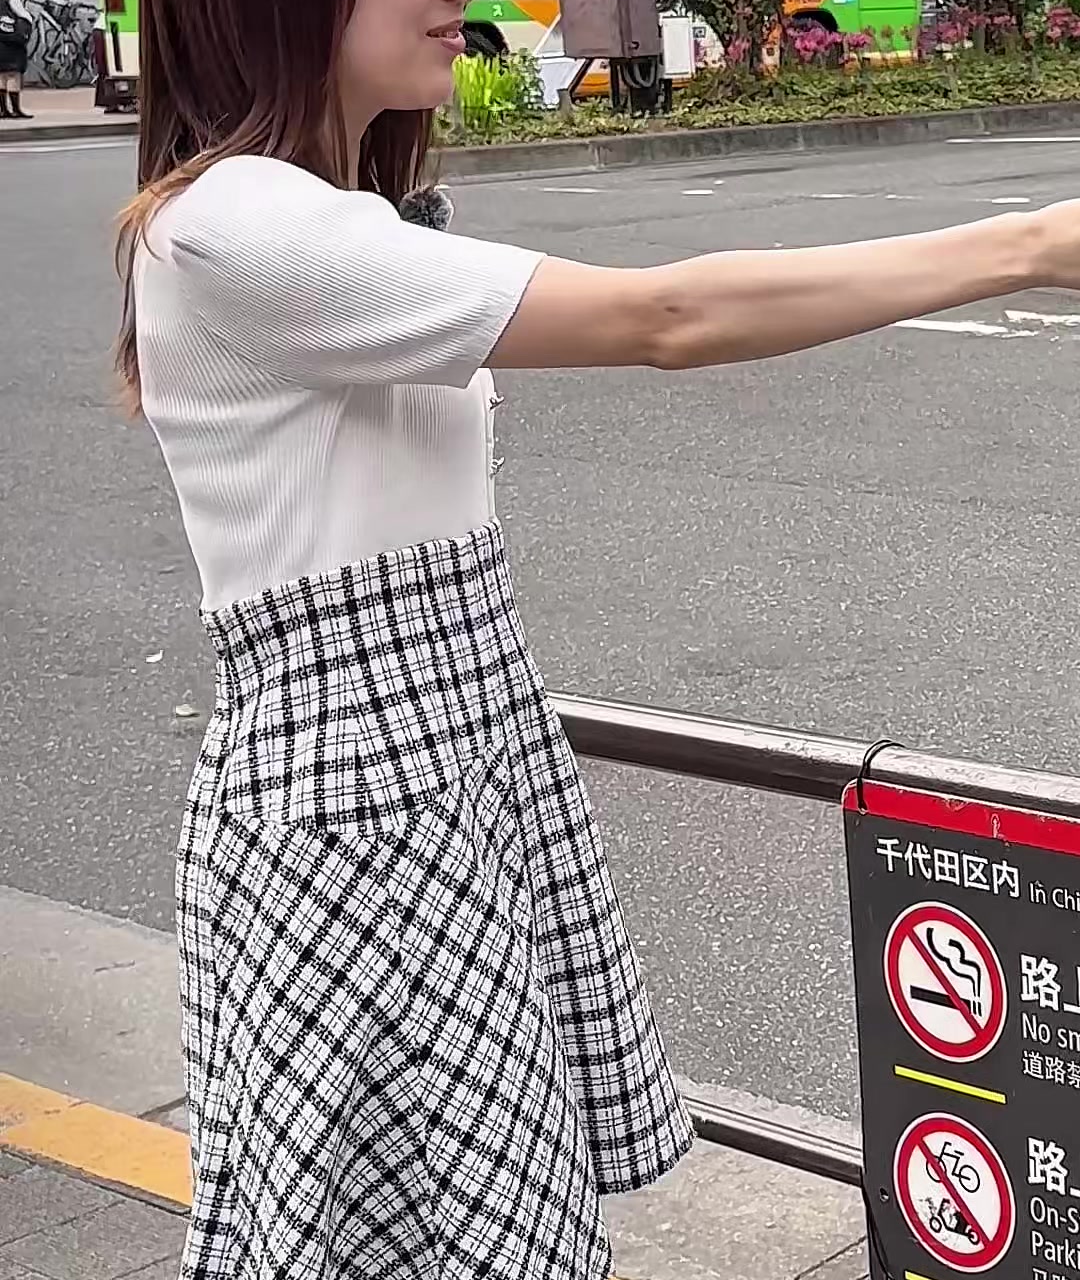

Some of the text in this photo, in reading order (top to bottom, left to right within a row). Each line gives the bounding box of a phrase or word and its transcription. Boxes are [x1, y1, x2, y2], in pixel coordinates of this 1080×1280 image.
☆ ☆ ☆ ☆ ☆ ☆ ☆
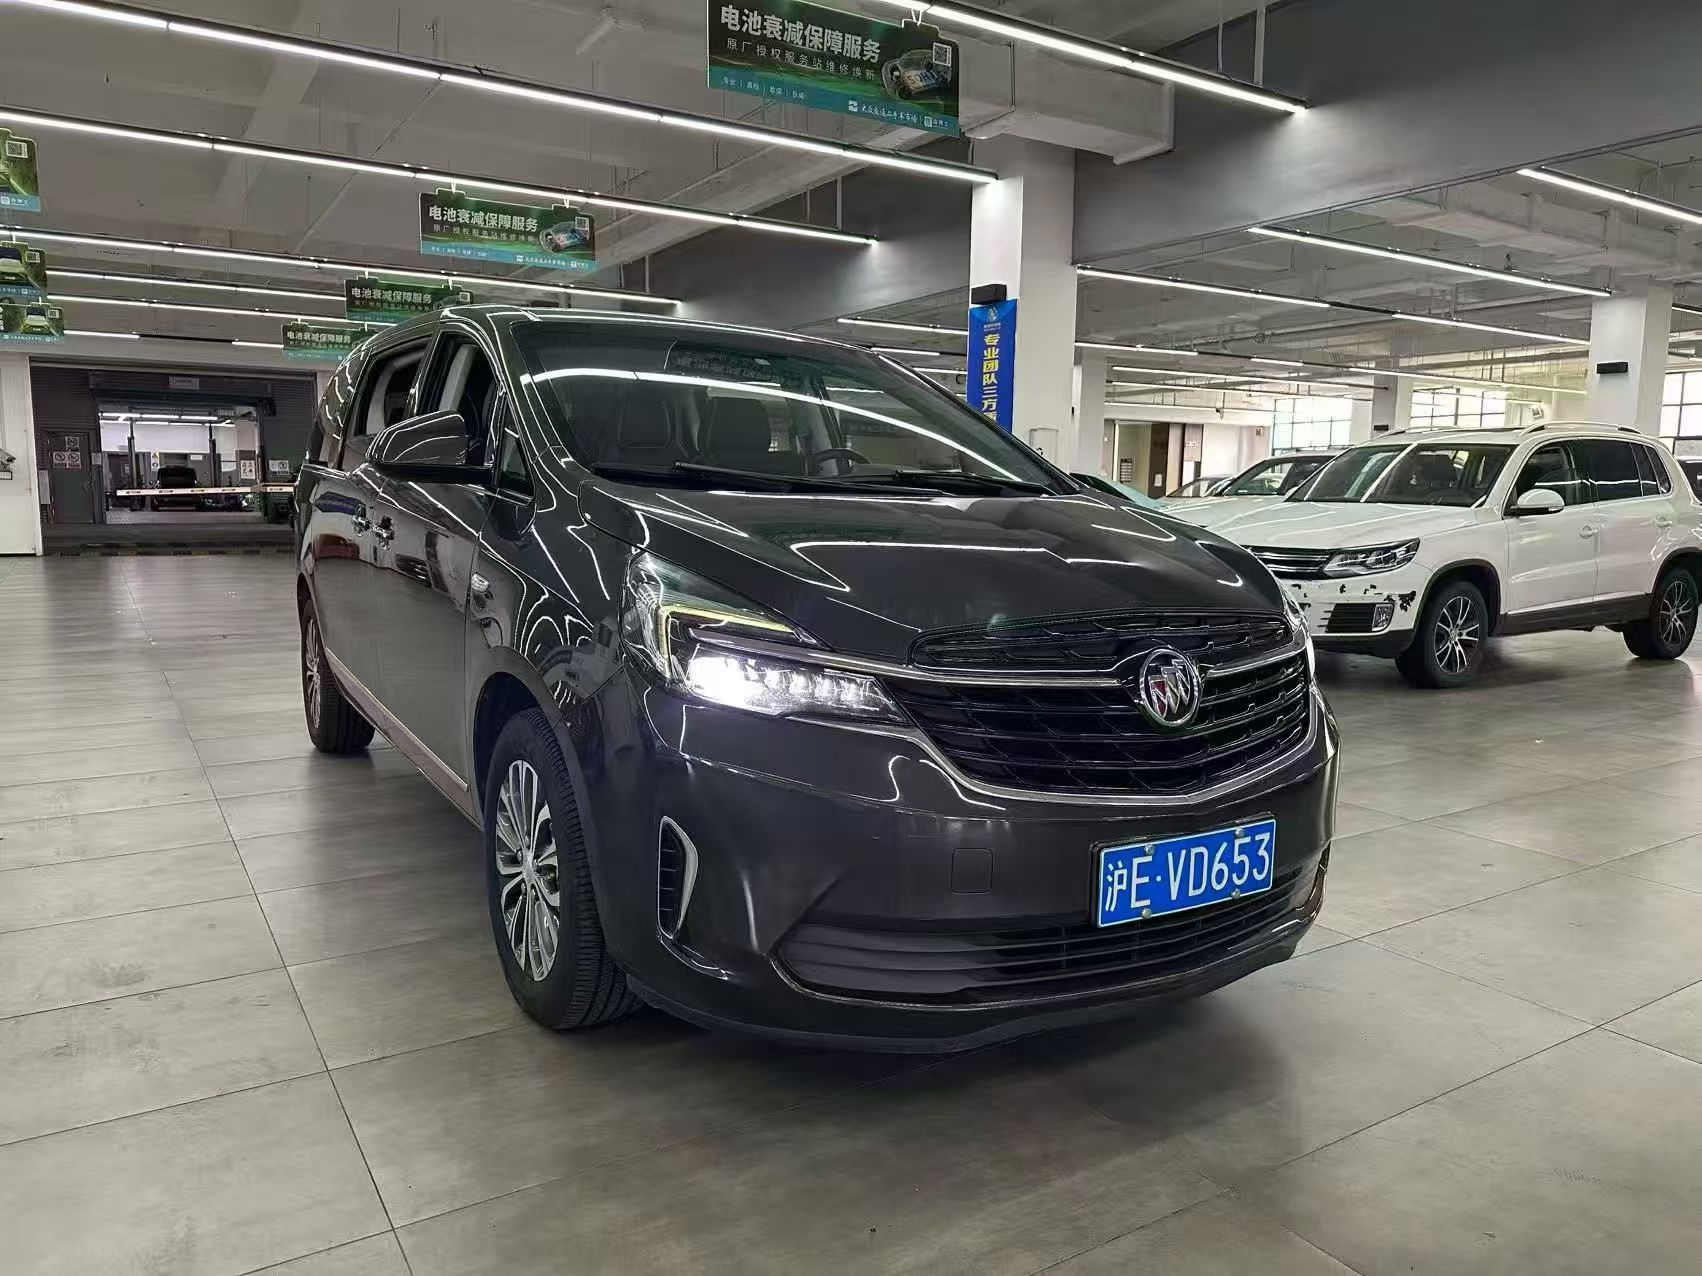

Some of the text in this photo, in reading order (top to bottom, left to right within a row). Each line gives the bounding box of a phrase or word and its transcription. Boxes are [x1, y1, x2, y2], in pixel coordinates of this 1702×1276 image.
☆ ☆ ☆ ☆ ☆ ☆ ☆
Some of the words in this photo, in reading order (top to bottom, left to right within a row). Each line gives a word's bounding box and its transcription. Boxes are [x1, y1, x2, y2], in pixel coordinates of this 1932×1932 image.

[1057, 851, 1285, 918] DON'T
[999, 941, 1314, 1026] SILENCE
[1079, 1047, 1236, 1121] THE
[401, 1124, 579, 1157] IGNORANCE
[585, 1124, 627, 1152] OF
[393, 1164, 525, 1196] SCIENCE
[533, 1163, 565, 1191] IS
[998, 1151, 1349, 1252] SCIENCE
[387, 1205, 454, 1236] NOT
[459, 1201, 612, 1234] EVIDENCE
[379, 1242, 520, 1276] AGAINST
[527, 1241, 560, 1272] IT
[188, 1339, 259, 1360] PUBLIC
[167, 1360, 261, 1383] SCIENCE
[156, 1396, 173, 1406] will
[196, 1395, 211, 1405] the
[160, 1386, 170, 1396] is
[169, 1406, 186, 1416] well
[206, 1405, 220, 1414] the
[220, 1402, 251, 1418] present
☆ ☆ ☆ ☆ ☆ ☆ ☆
ASSIGNMENT: Reading through the records above, report each line in which the string "phrase" is found.

EXPECTED ANSWER:
Some of the text in this photo, in reading order (top to bottom, left to right within a row). Each line gives the bounding box of a phrase or word and its transcription. Boxes are [x1, y1, x2, y2], in pixel coordinates of this 1080×1280 image.
Some of the text in this photo, in reading order (top to bottom, left to right within a row). Each line gives the bounding box of a phrase or word and its transcription. Boxes are [x1, y1, x2, y2], in pixel coordinates of this 1702×1276 image.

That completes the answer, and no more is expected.